Как Николай II погубил империю? — страница 17 из 67

История выкупных платежей — это целая сага. И как мужики отказывались от земли, и как правительство уменьшало платежи, отменив их окончательно в 1907 году (безнадежно поздно). Суть в том, что после аграрной реформы 1861 года говорить не то что о каком-то «социальном партнерстве», но даже просто о мире между крестьянами и бывшими барами не приходилось.

Точка зрения крестьян на реформу, их отношение к помещикам прямо и четко выражены, например, в наказе собрания крестьян четырех волостей Волоколамского уезда Московской губернии, посланном в мае 1906 года в Трудовую группу I Государственной думы:

«Земля вся нами окуплена потом и кровью в течение нескольких столетий. Ее обрабатывали мы в эпоху крепостного права и за работу получали побои и ссылки и тем обогащали помещиков. Если предъявить теперь им иск по 5 коп. на день за человека за все крепостное время, то у них не хватит расплатиться с народом всех земель и лесов и всего их имущества. Кроме того, в течение сорока лет уплачиваем мы баснословную аренду за землю от 20 до 60 руб. за десятину в лето, благодаря ложному закону 61‑го года, по которому мы получили свободу с малым наделом земли, почему все трудовое крестьянство и осталось разоренным, полуголодным народом, а у тунеядцев помещиков образовались колоссальные богатства».

Крестьян совершенно не волновало, существуют ли на самом деле эти «колоссальные богатства». Они просто не хотели, чтобы рядом с ними находились помещики, ни в каком виде. А ведь с 1861 года прошло почти пятьдесят лет!
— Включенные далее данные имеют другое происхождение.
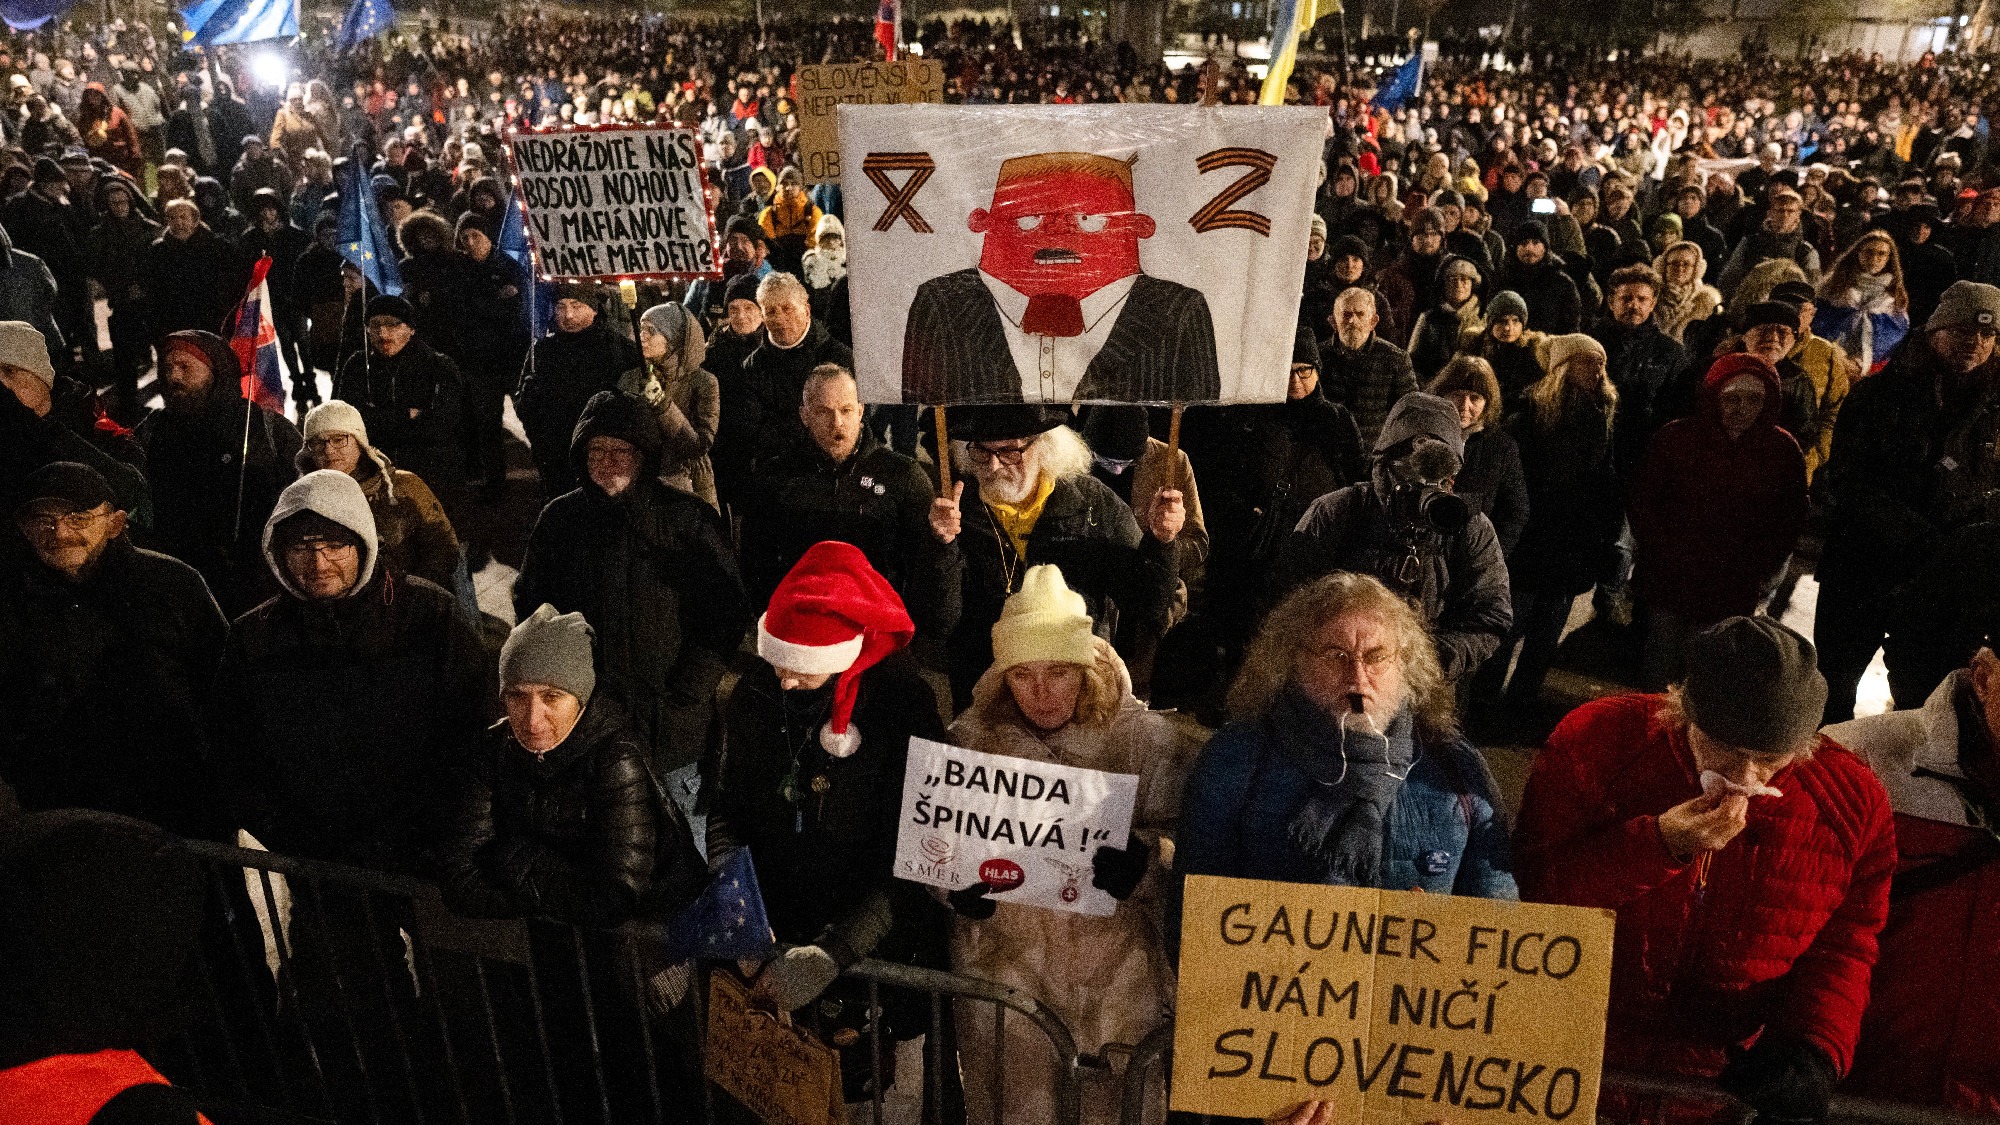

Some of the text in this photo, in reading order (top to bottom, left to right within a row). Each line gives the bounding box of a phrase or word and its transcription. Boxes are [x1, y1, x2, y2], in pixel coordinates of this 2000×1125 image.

Но вот с точки зрения экономики реформа была задумана верно. Помещик оставлял за собой половину земли, получал потенциальных батраков и стартовый капитал в виде выкупных платежей. Немецкий или британский фермер о таких условиях мог только мечтать, и уж он бы тут развернулся! А в России — не срослось. Русский помещик не занимался своим хозяйством до реформы, не стал и теперь[40]. Да и объективные обстоятельства не позволяли. В России не было ни сельхозтехники, ни сортовых семян, ни породистого скота, ни научной базы. Все вышло с точностью до наоборот: дворянство не вывело свои хозяйства на новый уровень, а в рекордные сроки промотало полученные капиталы и принялось распродавать «вишневые сады». Откуда иначе озвученные о. Тихоном 90 % крестьянского землевладения?

Нет, конечно, крупные хозяйства в России имелись, но не в том количестве, какое требовалось. Цели своей реформа не достигла.

Второй, уже совершенно отчаянной (то есть от отчаяния) попыткой спасти положение стала Столыпинская реформа. Метод был простой, чисто англо-саксонский: разрешить крестьянам брать землю в собственность, а потом устроить бой в джунглях за выживание.

10 мая 1907 года Столыпин произнес в Государственной думе речь, где заявил о целях реформы. (Эта речь известна в основном заключительной фразой: «Им нужны великие потрясения, нам нужна великая Россия!») Там, в словах и между слов, сказано, каким именно путем намеревался премьер достичь величия России и почему Россия ответила на его намерения небывалой революцией.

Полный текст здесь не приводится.